The most common site of involvement was thigh muscles, followed by iliopsoas. Previous studies irrespective of the region have also noted that pyomyositis usually involves the largest muscle groups located around the pelvic girdle and lower extremities [
1-
10]. These observations further strengthen the postulation that greater degree of movement in muscle groups located around the pelvic girdle and lower extremities may cause subclinical trauma to these muscles making them more susceptible to infection by bacteria from a subsequent bacteremic episode.
The stage at presentation decides treatment options for patients with pyomyositis. Oral or intravenous antibiotics alone would suffice during the early stage of the infection, the diffuse inflammatory stage. Abscess formation, however, requires antibiotic with appropriate drainage procedure. There was no difference in mortality based on methods of drainage of pus. Six patients (9.68%) had in-hospital mortality due to complications considered related to primary pyomyositis. Lower firstday serum albumin, initial inappropriate antibiotic therapy and advanced form of the disease (late stage) at presentation were associated with increased in-hospital mortality. Serum albumin plays diverse, complex, and important roles in maintaining physiologic homeostasis [
18]. Hypoalbuminemia may either directly contribute to poor outcomes, or it could merely be a marker for other “upstream” pathologic processes such as malnutrition or infection/inflammation. It appears to be a reliable prognostic indicator in various contexts [
18,
33]. It was found to be a potent, dose-dependent independent predictor of poor outcome in a meta-analysis of 90 cohort studies with 291,433 patients. The association between hypoalbuminemia and poor outcome appeared to be independent of both nutritional status and inflammation [
34]. As stated earlier, inflammation induced by infective condition predominantly contributed to hypoalbuminemic state in our study. Initial inappropriate antibiotic therapy has been documented in studies to lead to the poorer outcome. The advanced form of the disease at presentation also would understandably have the poorer prognosis. These patients also had the greater degree of inflammation leading to greater lowering of serum albumin.

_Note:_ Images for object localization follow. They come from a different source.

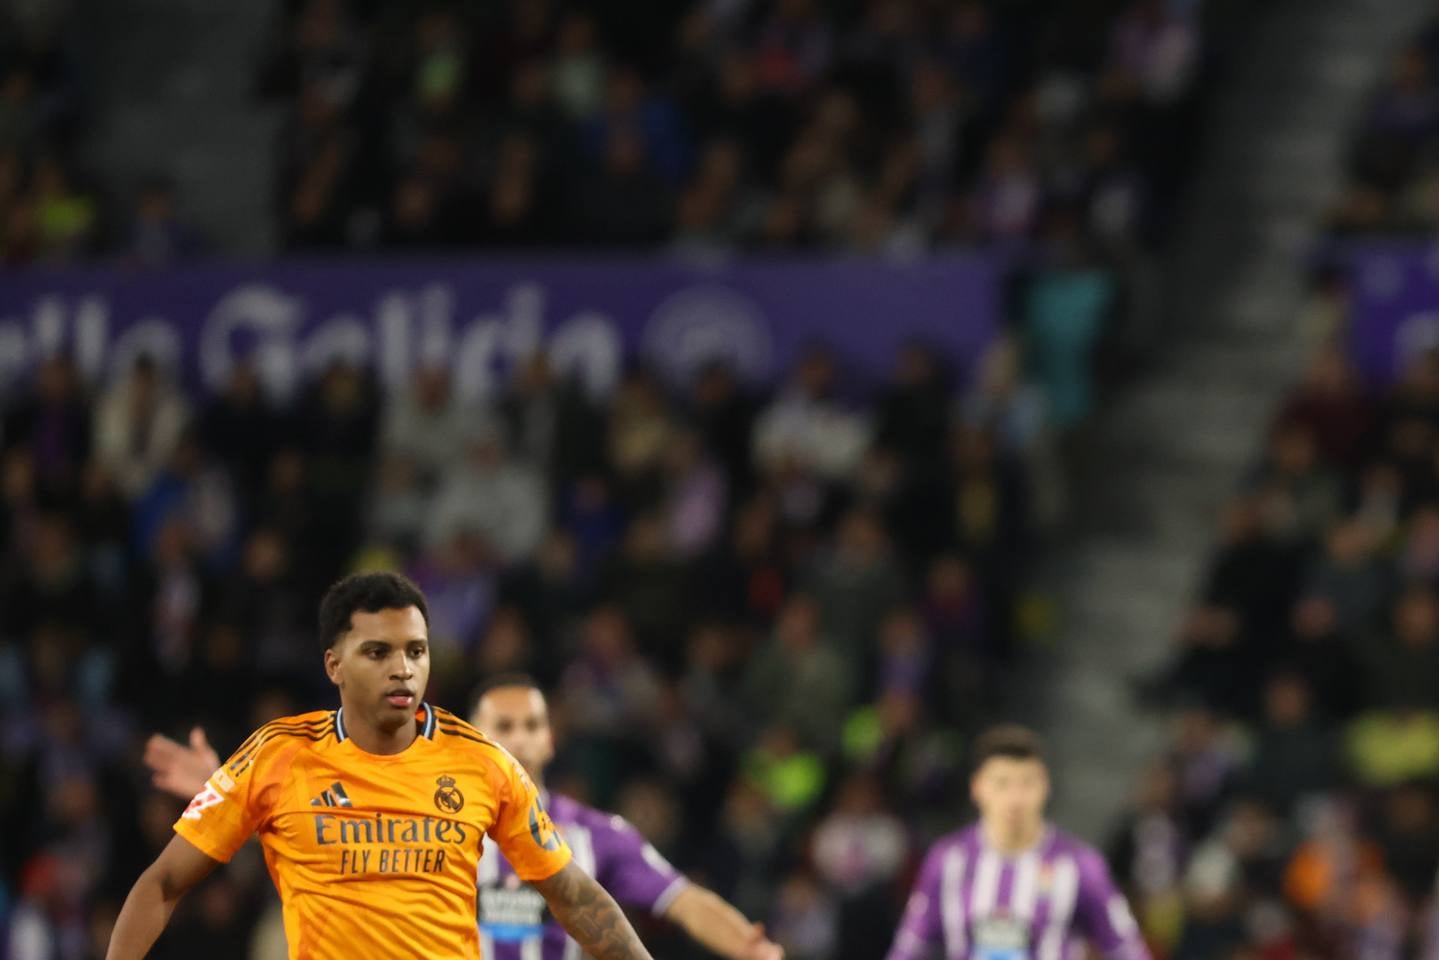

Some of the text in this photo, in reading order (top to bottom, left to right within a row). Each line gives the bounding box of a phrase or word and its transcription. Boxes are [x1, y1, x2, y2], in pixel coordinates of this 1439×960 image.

[315, 812, 466, 845] Emirates
[340, 848, 446, 874] FLY BETTER
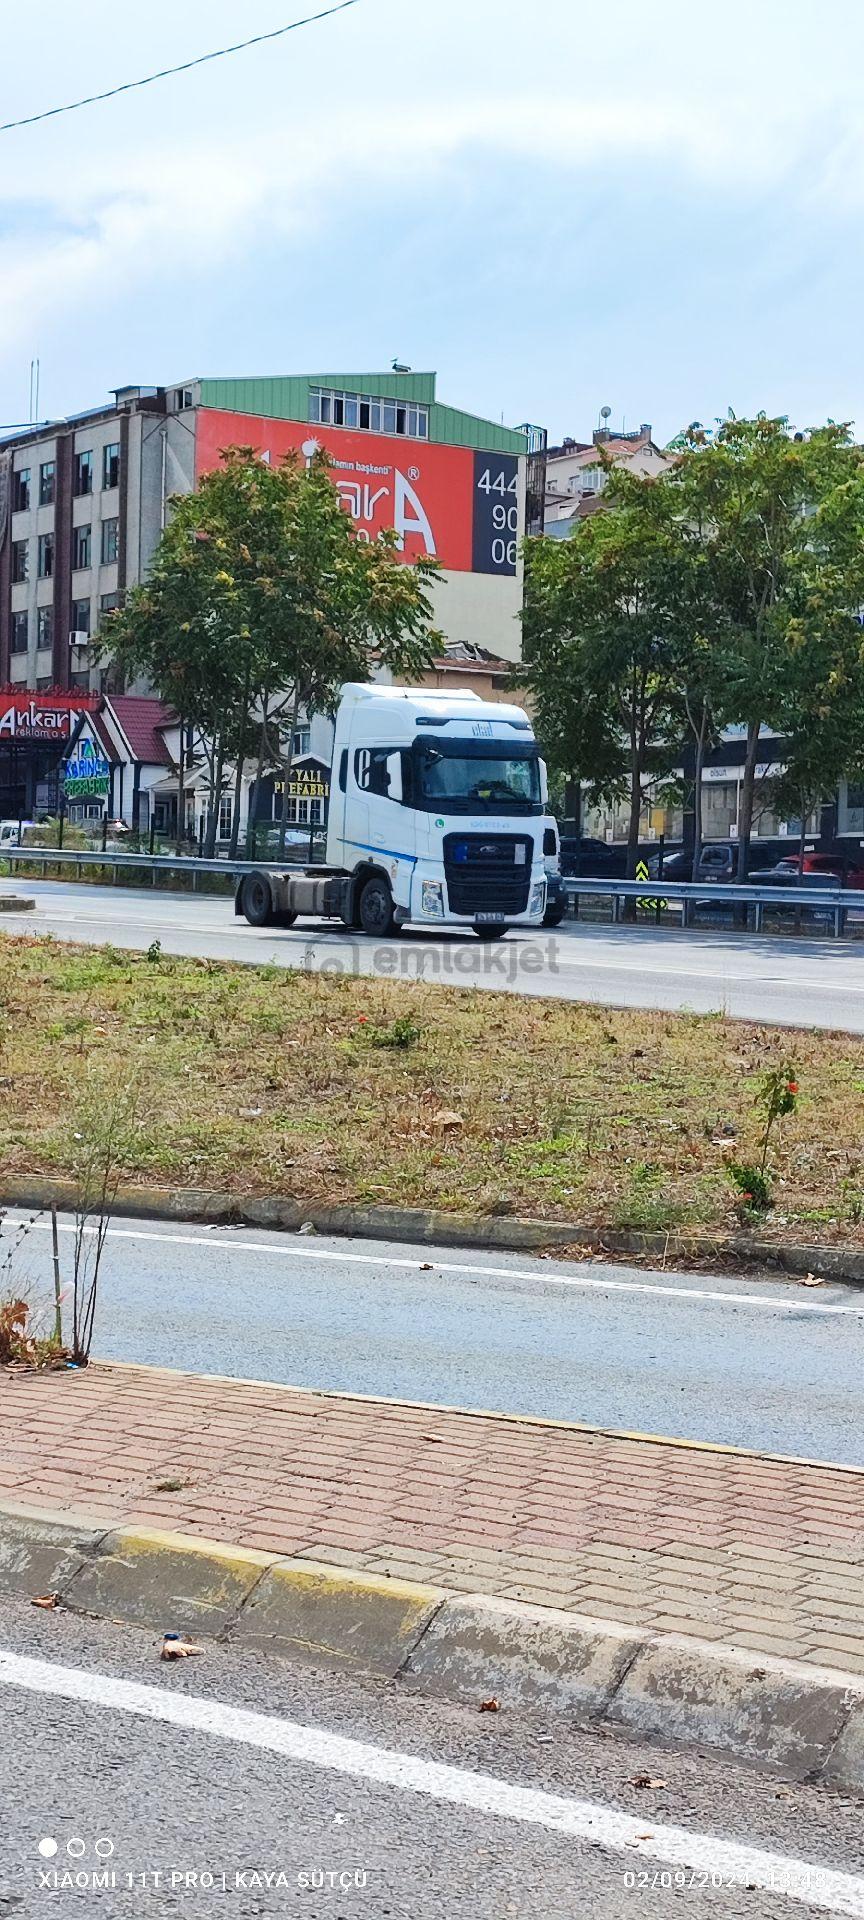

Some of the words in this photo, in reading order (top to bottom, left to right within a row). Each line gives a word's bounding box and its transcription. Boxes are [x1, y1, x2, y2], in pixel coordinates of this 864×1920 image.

[477, 468, 518, 497] 444
[492, 504, 518, 532] 90
[491, 538, 517, 566] 06
[15, 727, 49, 738] reklam
[295, 768, 322, 783] YALI
[273, 780, 330, 797] PEFABRİ
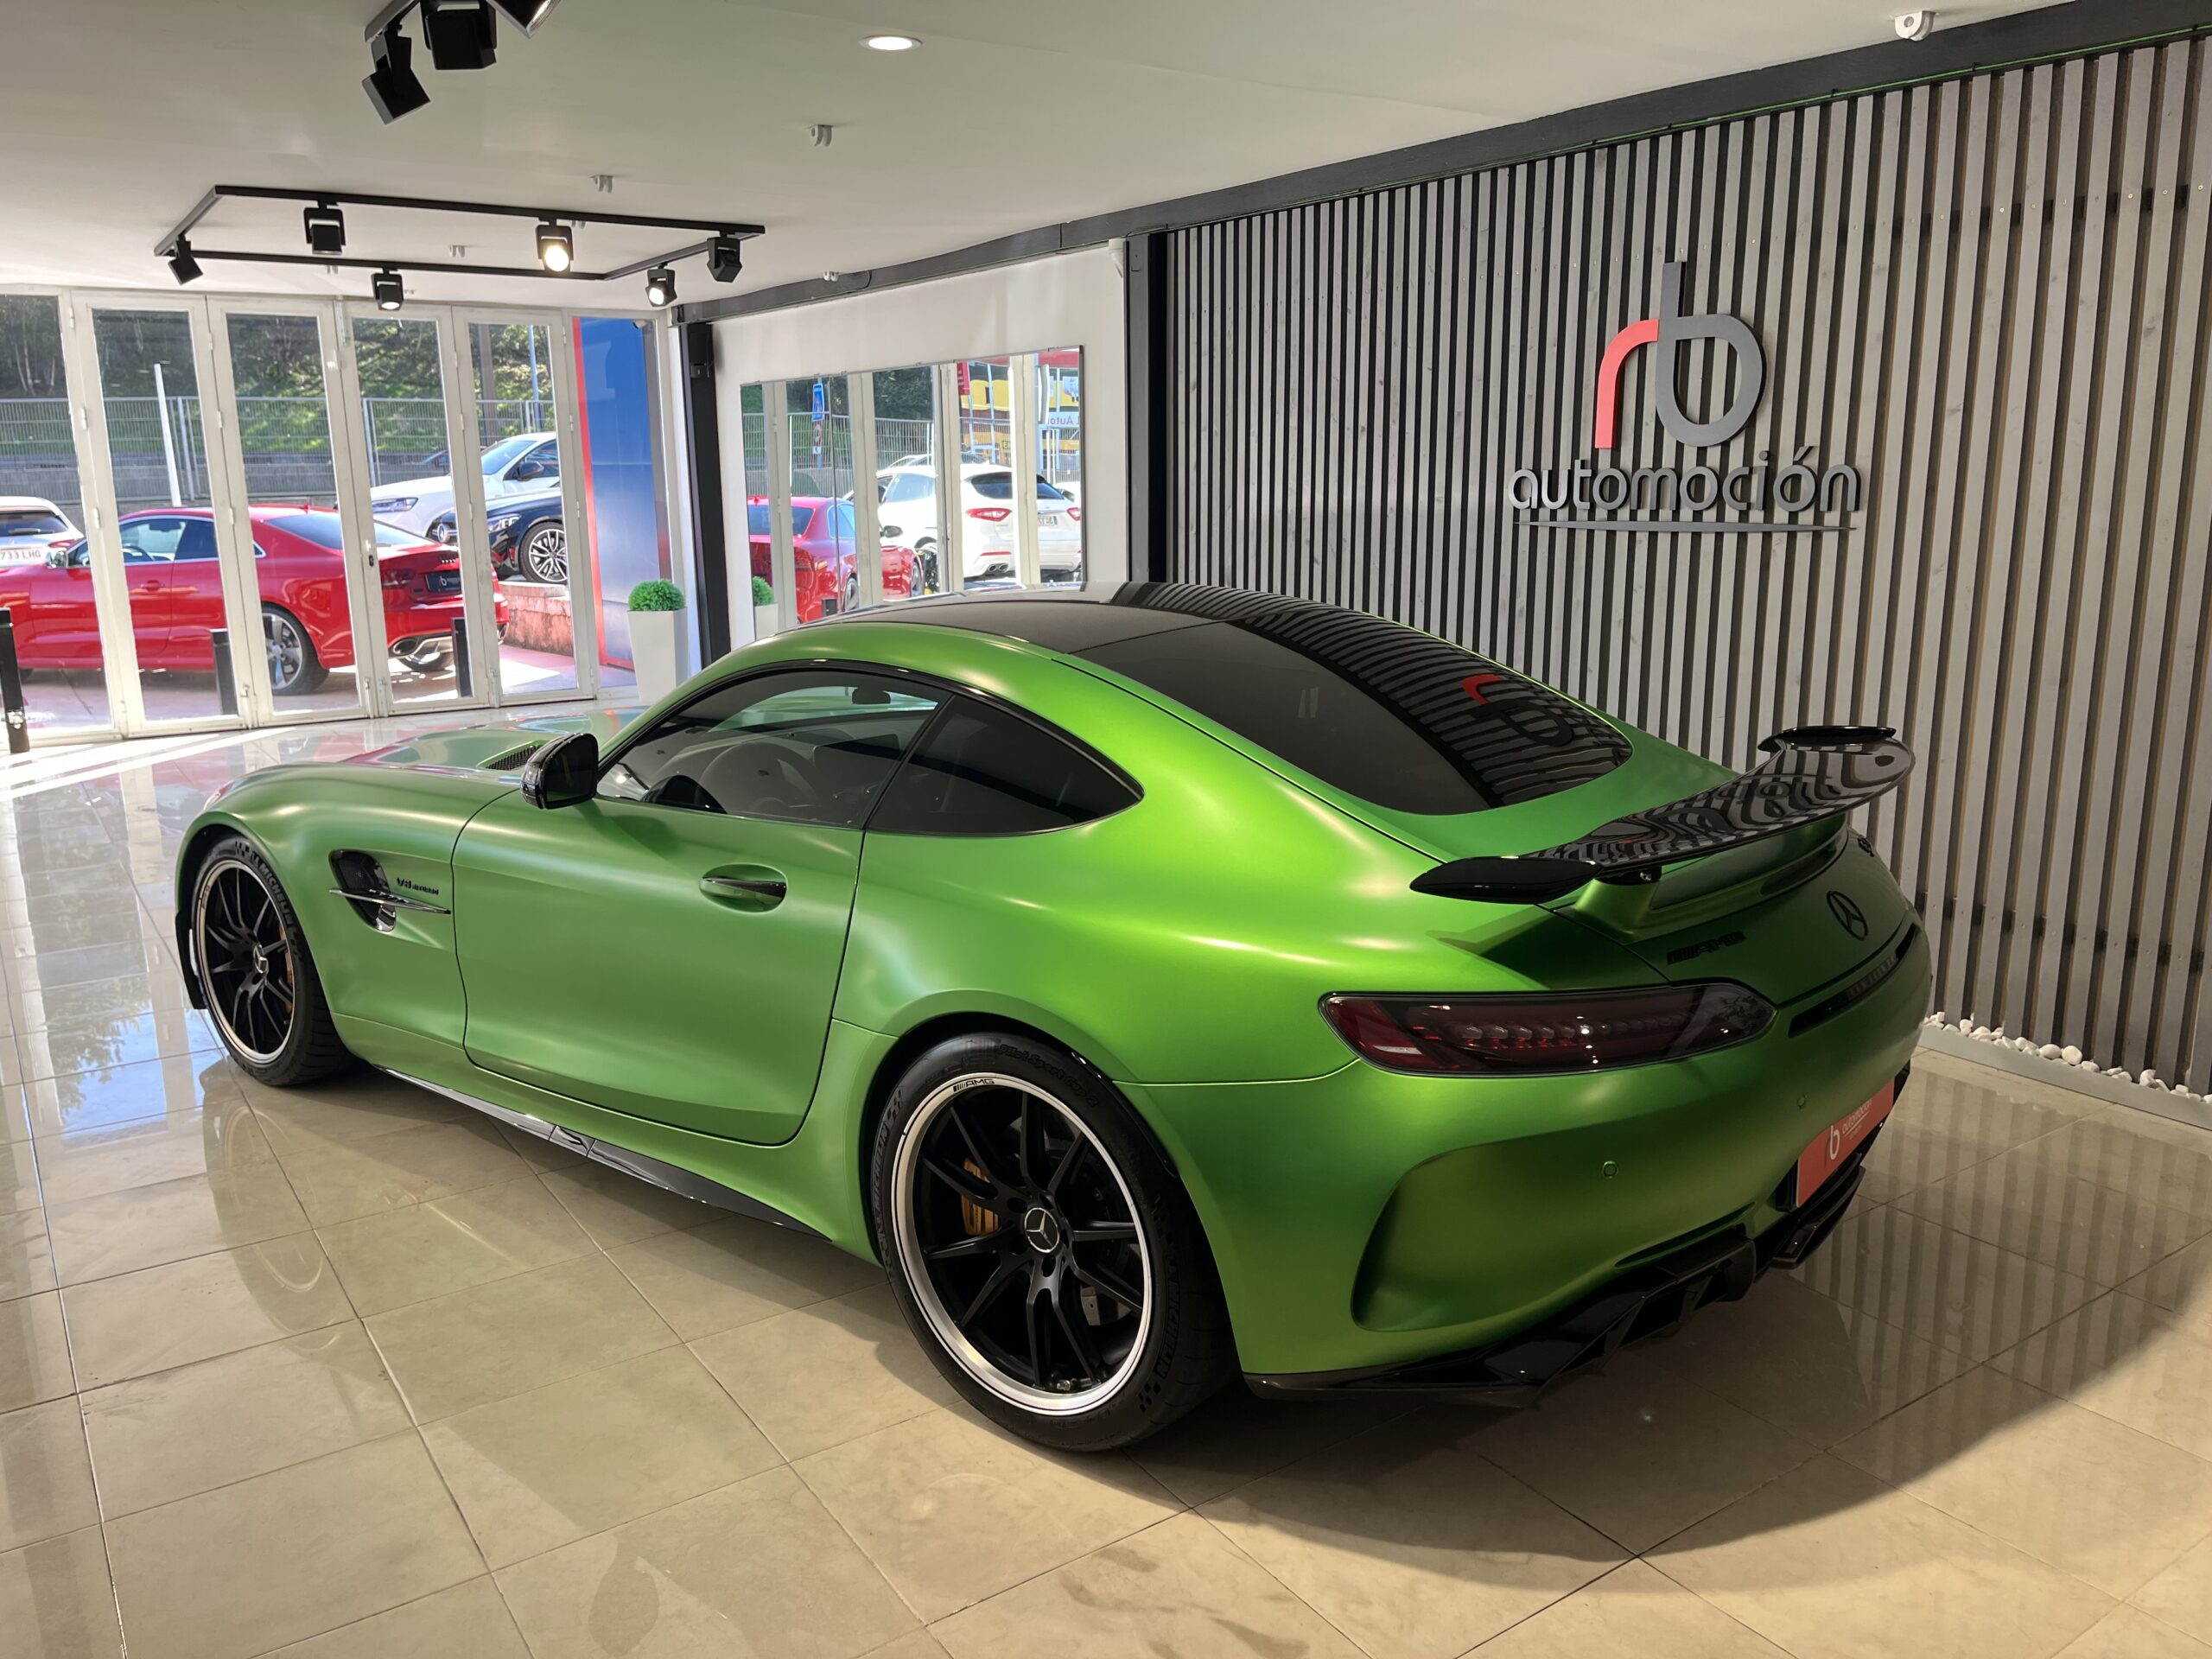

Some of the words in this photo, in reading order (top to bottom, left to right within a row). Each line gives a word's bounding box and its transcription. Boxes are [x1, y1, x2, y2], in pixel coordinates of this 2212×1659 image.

[1595, 262, 1766, 448] rb
[1508, 446, 1861, 512] automoción
[261, 862, 295, 926] MICHELIN
[997, 1044, 1029, 1061] Pilot
[1028, 1054, 1065, 1079] Sport

In conclusion, this study reemphasizes the fact that primary pyomyositis is not an uncommon disease entity. Patients with underlying medical diseases were older, had a higher rate of gram-negative bacterial infections and were more likely to receive initial inappropriate antibiotic therapy. Patients with positive pus culture report had longer hospital stay and the higher rate of complications. Lower first-day serum albumin, initial inappropriate antibiotic therapy and advanced form of the disease at presentation were associated with increased in-hospital mortality.